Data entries
- Opening Delimiter -

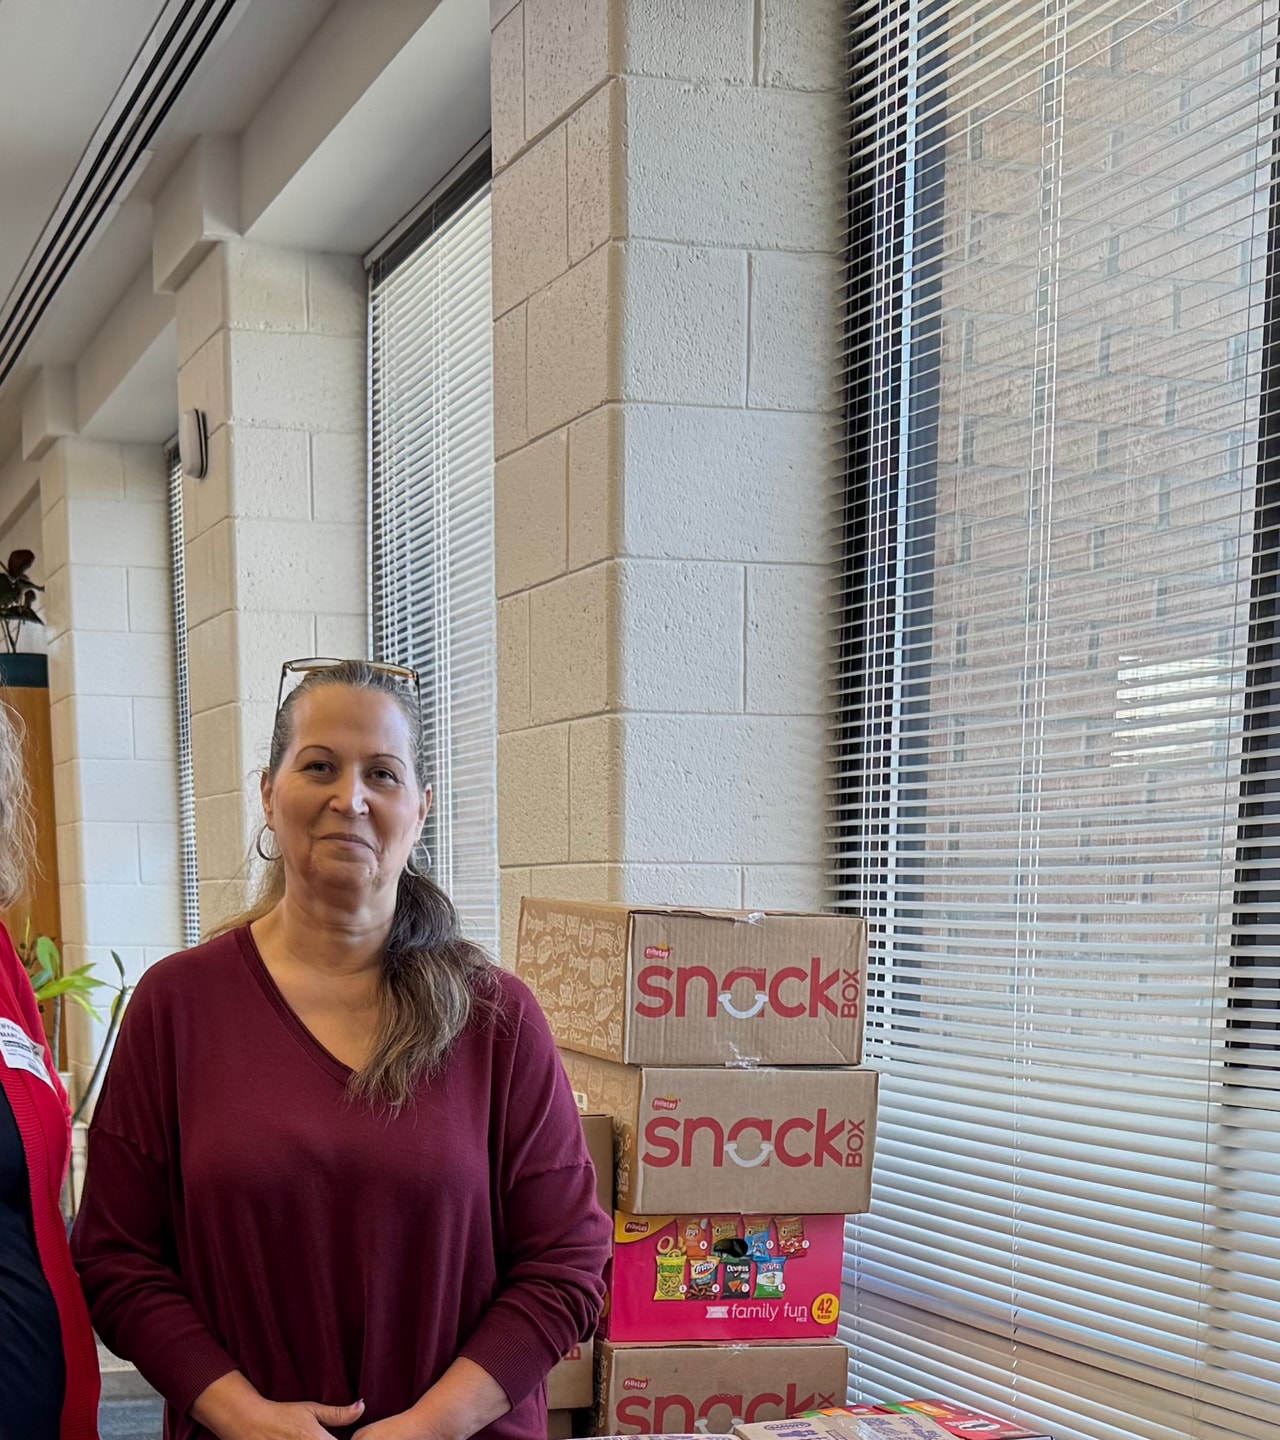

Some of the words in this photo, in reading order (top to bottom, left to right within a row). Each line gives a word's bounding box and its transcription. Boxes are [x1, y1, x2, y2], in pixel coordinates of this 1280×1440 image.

[635, 957, 840, 1019] snack
[841, 968, 860, 1019] BOX
[642, 1108, 846, 1168] snack
[845, 1119, 865, 1168] BOX
[731, 1303, 779, 1322] family
[783, 1302, 808, 1318] fun
[816, 1298, 833, 1314] 42
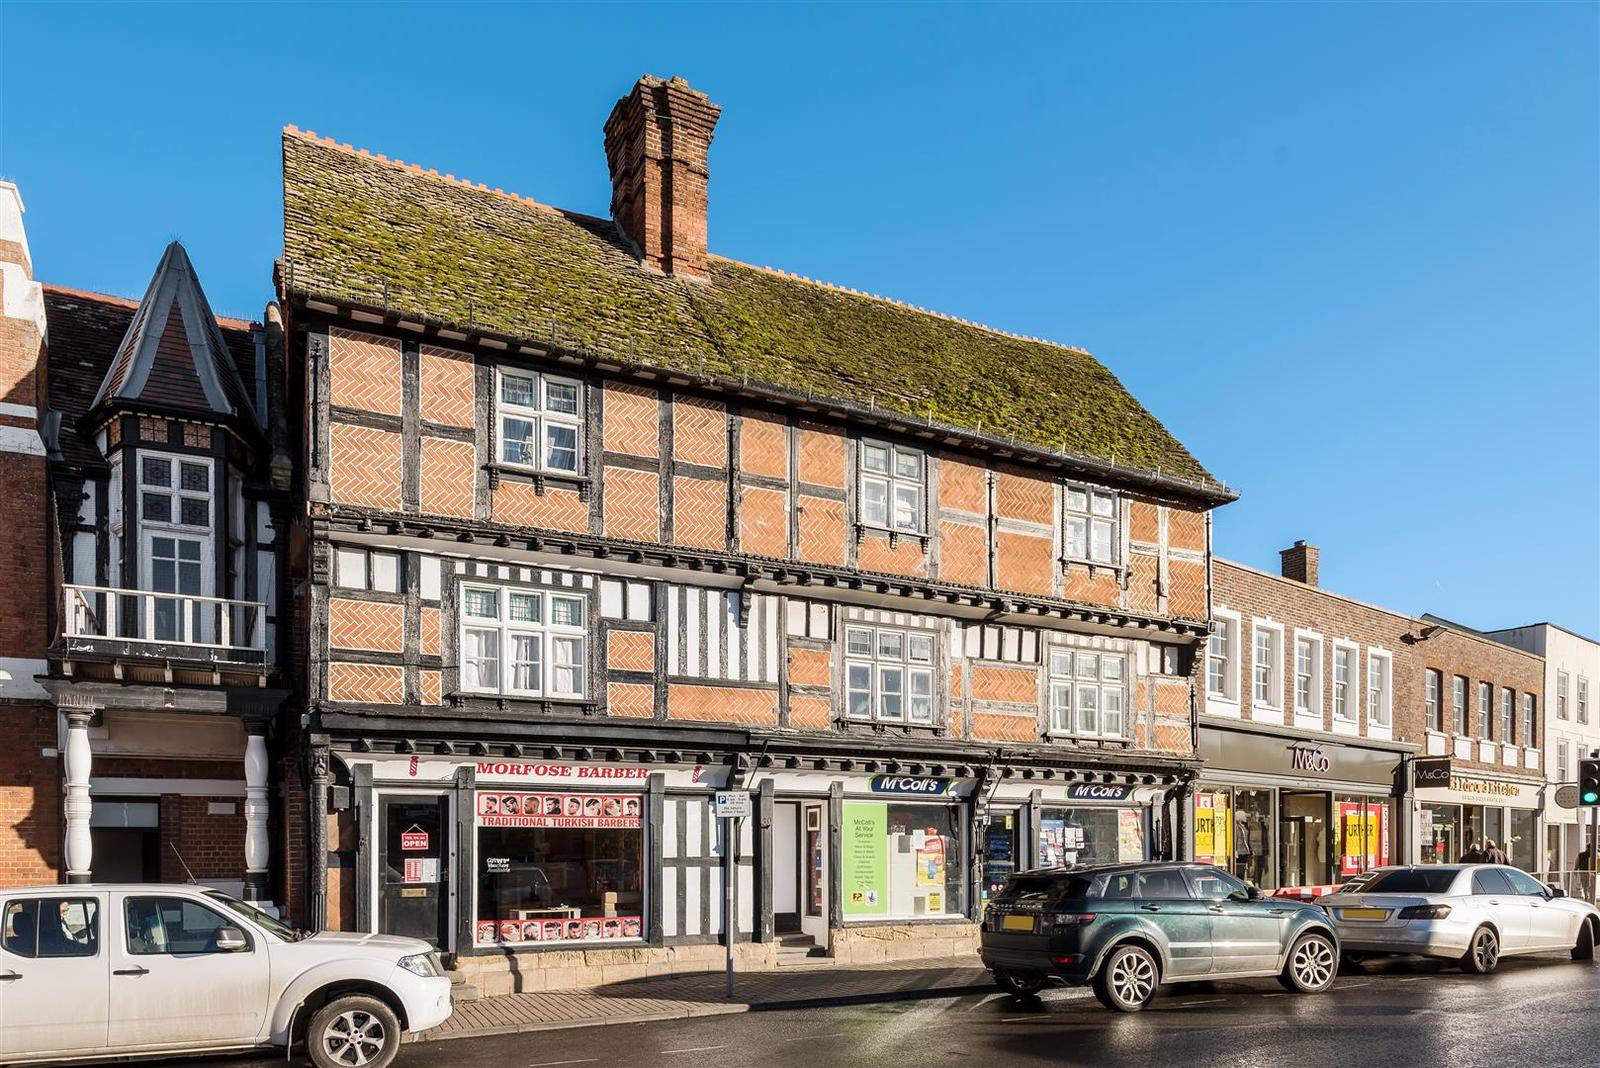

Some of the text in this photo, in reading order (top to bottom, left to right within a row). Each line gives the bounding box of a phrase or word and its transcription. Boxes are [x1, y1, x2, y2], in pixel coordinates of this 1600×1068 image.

[1294, 748, 1330, 772] M&Co
[476, 762, 649, 779] MORFOSE BARBER
[1415, 768, 1450, 780] M&Co
[481, 817, 640, 828] TRADITIONAL TURKISH BARBERS
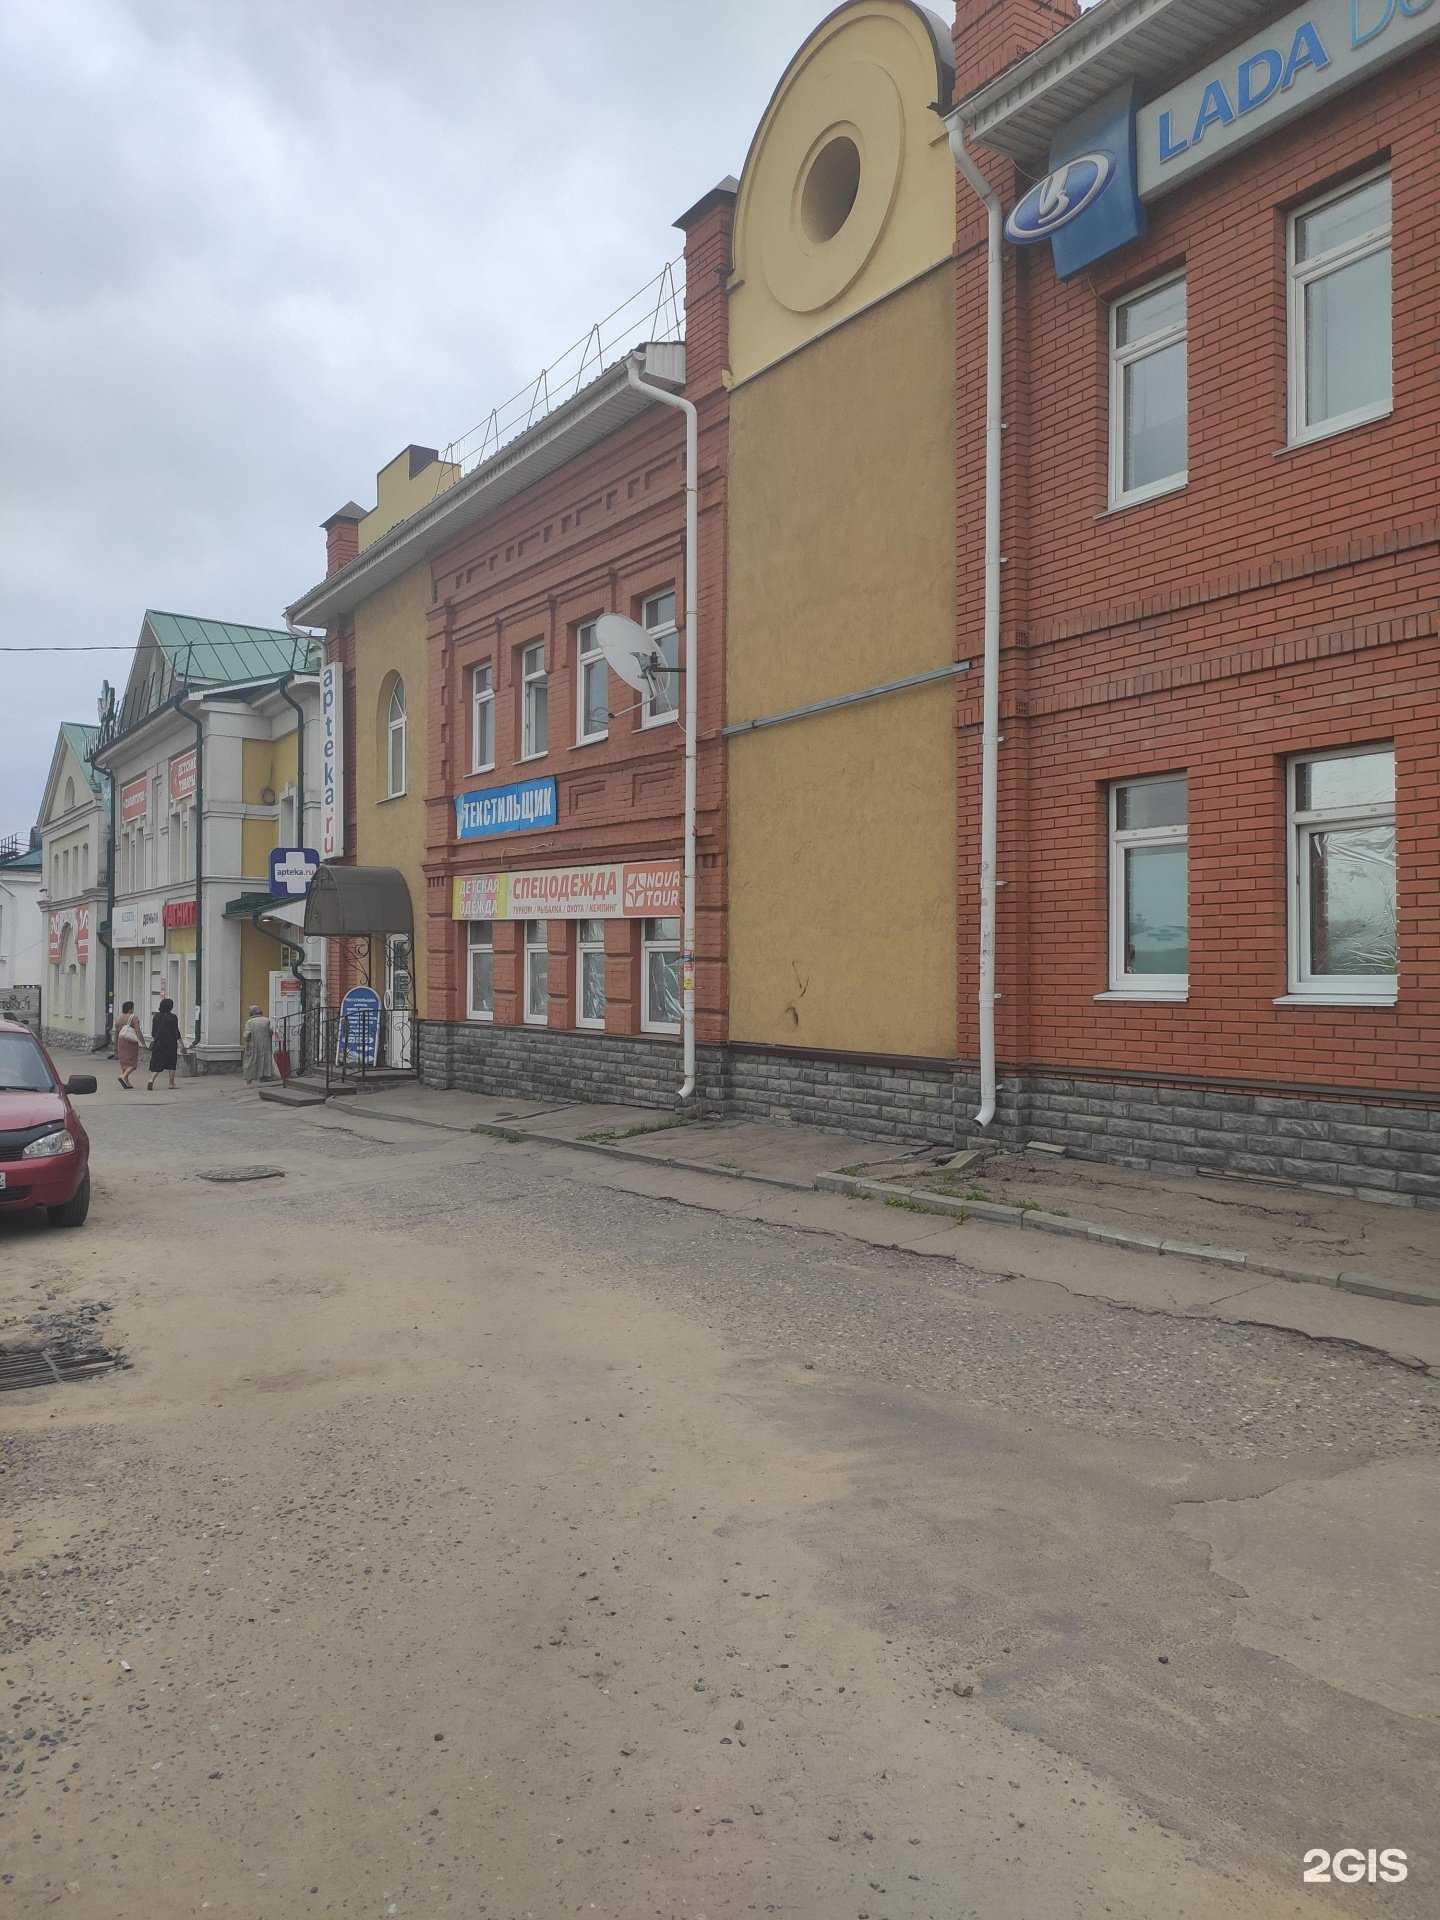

- Closing Delimiter -

Work instructions:
Exclude the pictures. Write out the remaining data exactly.

Expected answer:
Some of the words in this photo, in reading order (top to bottom, left to right within a row). Each line gives a word's bounding box and its transcription. Boxes are [x1, y1, x2, y2], in pixel coordinates of this 1280×1440 image.

[635, 957, 840, 1019] snack
[841, 968, 860, 1019] BOX
[642, 1108, 846, 1168] snack
[845, 1119, 865, 1168] BOX
[731, 1303, 779, 1322] family
[783, 1302, 808, 1318] fun
[816, 1298, 833, 1314] 42

Some of the text in this photo, in reading order (top to bottom, left to right within a row). Each line gives the bounding box of a phrase or word and its transcription. Boxes are [x1, y1, x2, y2], in pixel coordinates of this 1600×1068 image.

[1294, 748, 1330, 772] M&Co
[476, 762, 649, 779] MORFOSE BARBER
[1415, 768, 1450, 780] M&Co
[481, 817, 640, 828] TRADITIONAL TURKISH BARBERS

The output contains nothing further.